Steve, da Singapore al Monte Bianco: è guarito «il contagiato globetrotter»
Il britannico che ha portato il virus dall’asia all’europa: per l’oms è un esempio di «grande diffusore»
Un signore britannico di mezza età in vacanza sulle Alpi francesi è diventato l’emblema di come i viaggi internazionali possano mettere a repentaglio gli sforzi del mondo per contenere l’epidemia di coronavirus.
Steve Walsh, 53 anni, avrebbe contratto il virus tra il 20 e il 22 gennaio mentre era Singapore per una conferenza internazionale sponsorizzata dalla sua azienda, la Servomex, una compagnia britannica che produce sensori industriali e li vende nel mondo. In seguito l’uomo d’affari, quando era ancora asintomatico, ha raggiunto la sua famiglia che era a sciare sul Monte Bianco, in Francia. Lì ha infettato altri cinque concittadini che erano nel suo hotel, compreso un bambino di 9 anni, e uno spagnolo che era nell’area. Tornato in patria, a Hove nei pressi di Brighton, il nostro portatore sano (almeno fino ad allora) ha diffuso ulteriormente il virus, tanto che la città nell’east Sussex è diventata il centro della crisi in Gran Bretagna, visto che 5 degli 8 casi registrati nel Paese sono stati lì. E a Brighton lunedì è stato chiuso temporaneamente un ambulatorio pubblico perché Catriona Greenwood, una dei medici dello staff, è risultata positivo al nuovo coronavirus. Questo senza contare le persone che Walsh ha incontrato sui voli che ha preso per tornare nel Regno Unito. Si teme anche che altre novanta persone, presenti alla conferenza a Singapore, possano essere state infettate e aver così iniziato altre catene di contagio nei loro Paesi natali.

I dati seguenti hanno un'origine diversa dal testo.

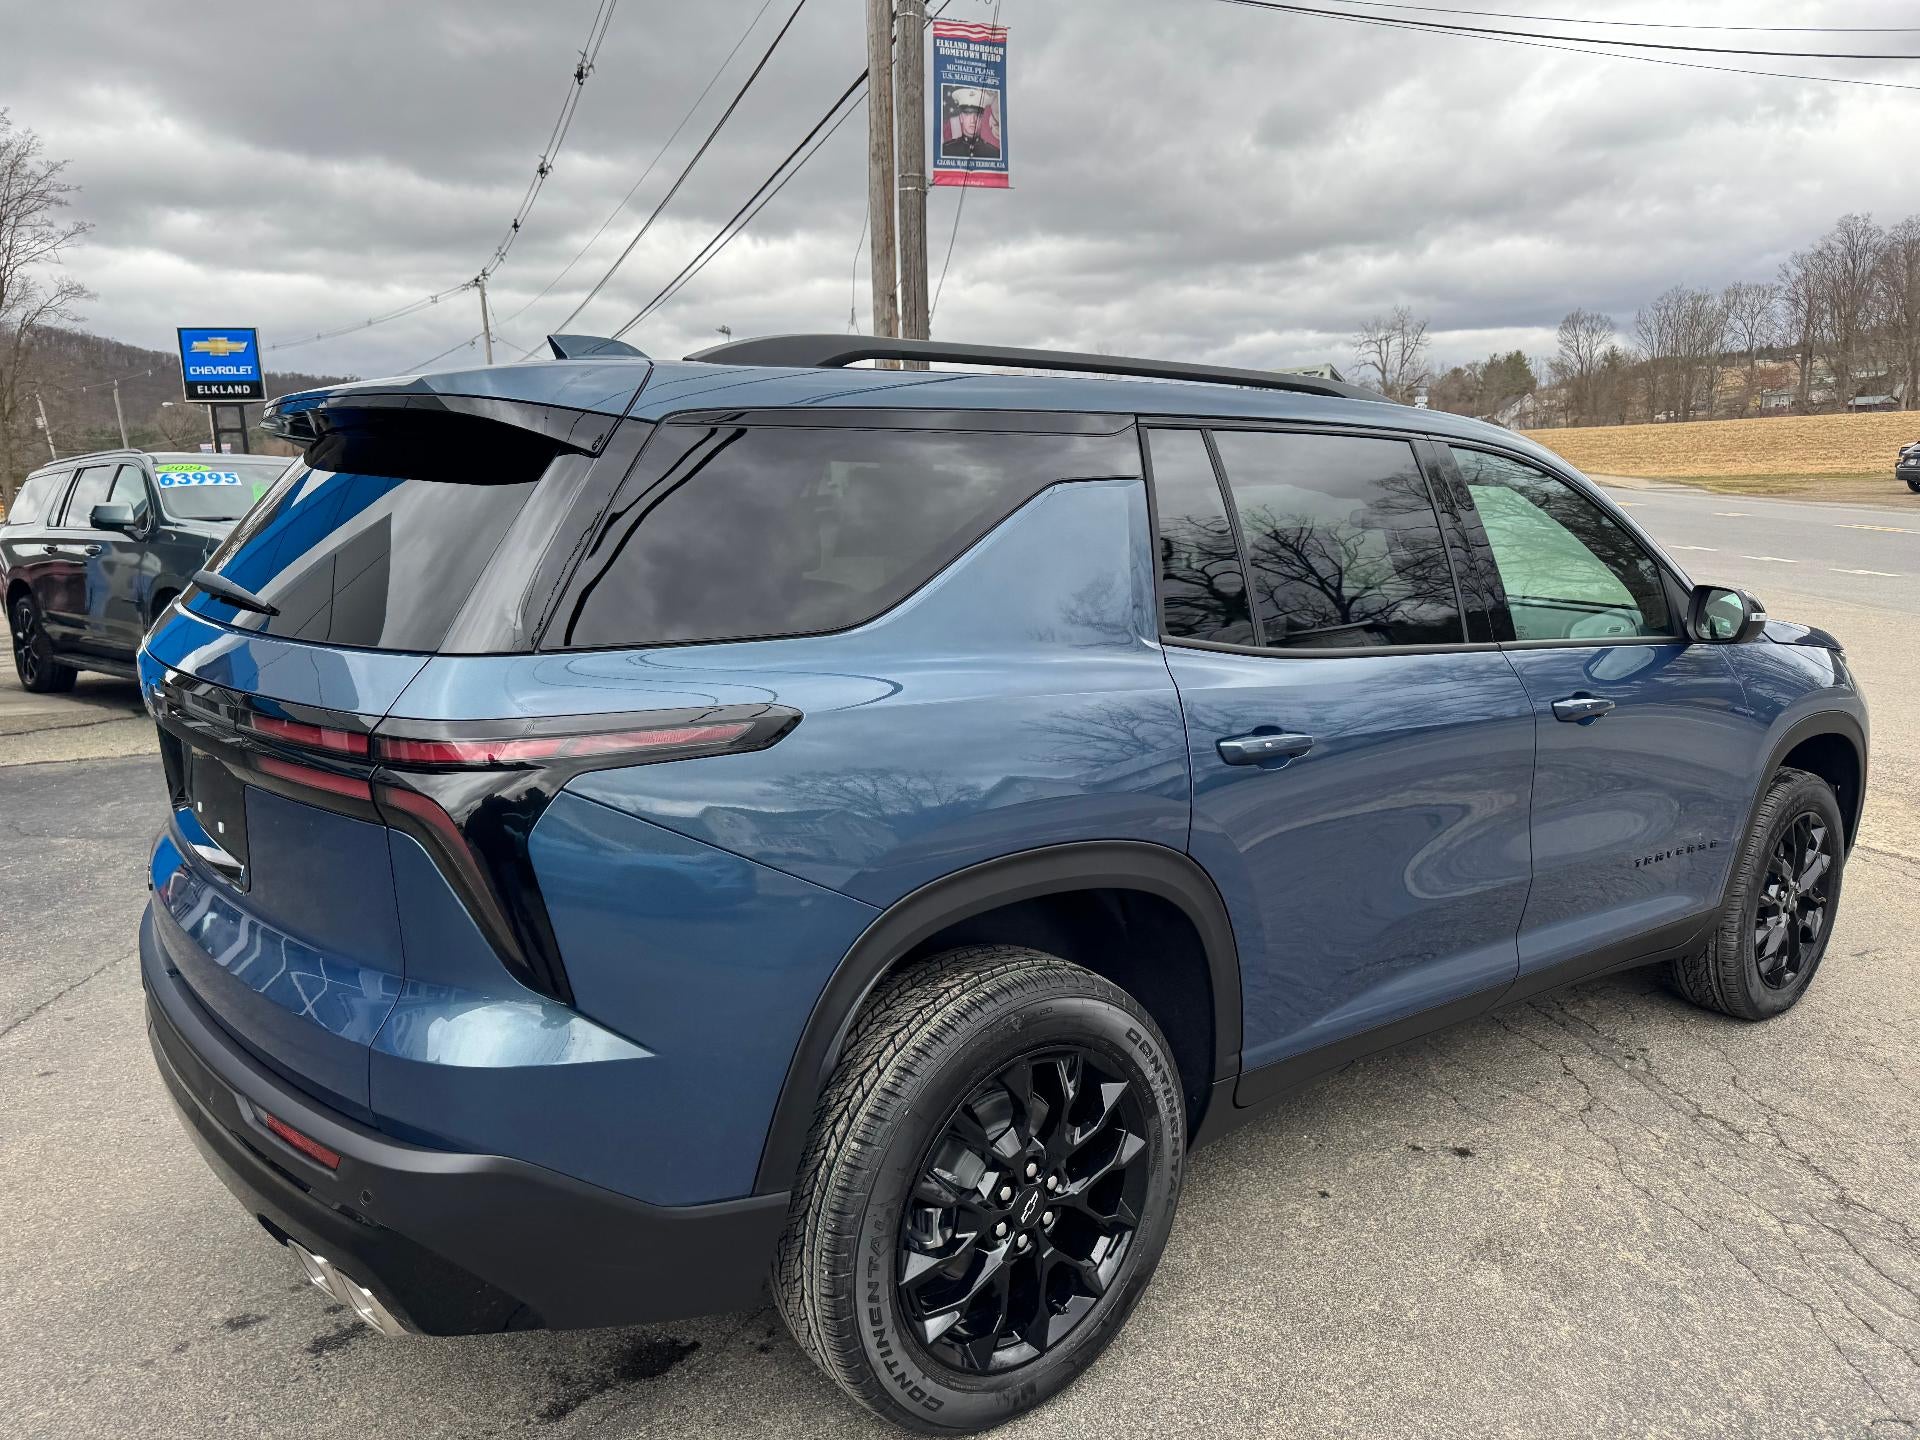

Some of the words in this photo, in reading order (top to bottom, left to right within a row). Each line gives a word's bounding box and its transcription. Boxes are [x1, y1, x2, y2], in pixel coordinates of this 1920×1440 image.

[936, 39, 968, 50] ELKLAND
[969, 43, 1004, 55] BOROUGH
[939, 47, 980, 59] HOMETOWN
[946, 63, 974, 73] MICHAEL
[954, 73, 978, 83] MARINE
[189, 366, 253, 375] CHEVROLET
[197, 385, 251, 394] ELKLAND
[160, 472, 237, 486] 63995
[1634, 839, 1718, 868] TRAVERSE
[867, 1219, 945, 1413] CONTINENTAL

Per l’oms, l’organizzazione Mondiale della Sanità, Walsh è l’esempio perfetto di «super-spreader» (super diffusore), cioè qualcuno che infetta una grande quantità di persone. Ma la colpa non è di certo sua, come sottolinea il direttore dell’istituzione Michael Ryan. Oggi il businessman è guarito ma è ancora in isolamento precauzionale all’ospedale di Brighton.
Non è la prima volta che accade. A gennaio una donna di Shanghai che si era recata in Germania per partecipare a una sessione di aggiornamento alla Webasto, un’azienda di componentistica automotive, nel quartiere generale di Stockdorf, a Sud-est di Monaco, ha contagiato una dozzina di colleghi che poi hanno passato la malattia anche ai loro familiari.
Non è ancora chiaro come si trasmetta il coronavirus che ha già infettato più di 40 mila persone e ne ha uccise più di 900. Secondo gli esperti è probabile che il contagio passi attraverso le gocce che entrano nell’aria quando una persona tossisce o starnutisce. L’incubazione è di circa 14 giorni, all’inizio i sintomi possono essere leggeri, facilmente confondibili con un raffreddore. Secondo il direttore generale dell’oms, Tedros Adhanom Ghebreyesus, il modo in cui il contagio è stato diffuso dall’uomo d’affari britannico, che non ha mai messo piede in Cina, è molto allarmante: «Questa potrebbe essere la scintilla che crea un incendio ancora più grande. Il nostro obiettivo è il contenimento. Rinnoviamo l’invito a tutti i Paesi perché evitino il diffondersi dell’epidemia».
Durante l’esplosione della Sars, tra il 2002 e il 2003, fu un dottore cinese a portare la malattia all’estero quando si recò in un hotel di Hong Kong e infettò sei ospiti che tornarono in Canada, Taiwan, Thailandia e Singapore dove diffusero ulteriormente il virus.
Andando molto indietro nella Storia, la più famosa «super spreader» è la cuoca irlandese Mary Mallon, soprannominata «Mary la tifoidea» per aver passato la malattia a decine e decine di persone. La donna, che ha vissuto tra il 1869 e il 1938, è stata costretta a rimanere tanti anni in esilio all’estero proprio per la sua nomea.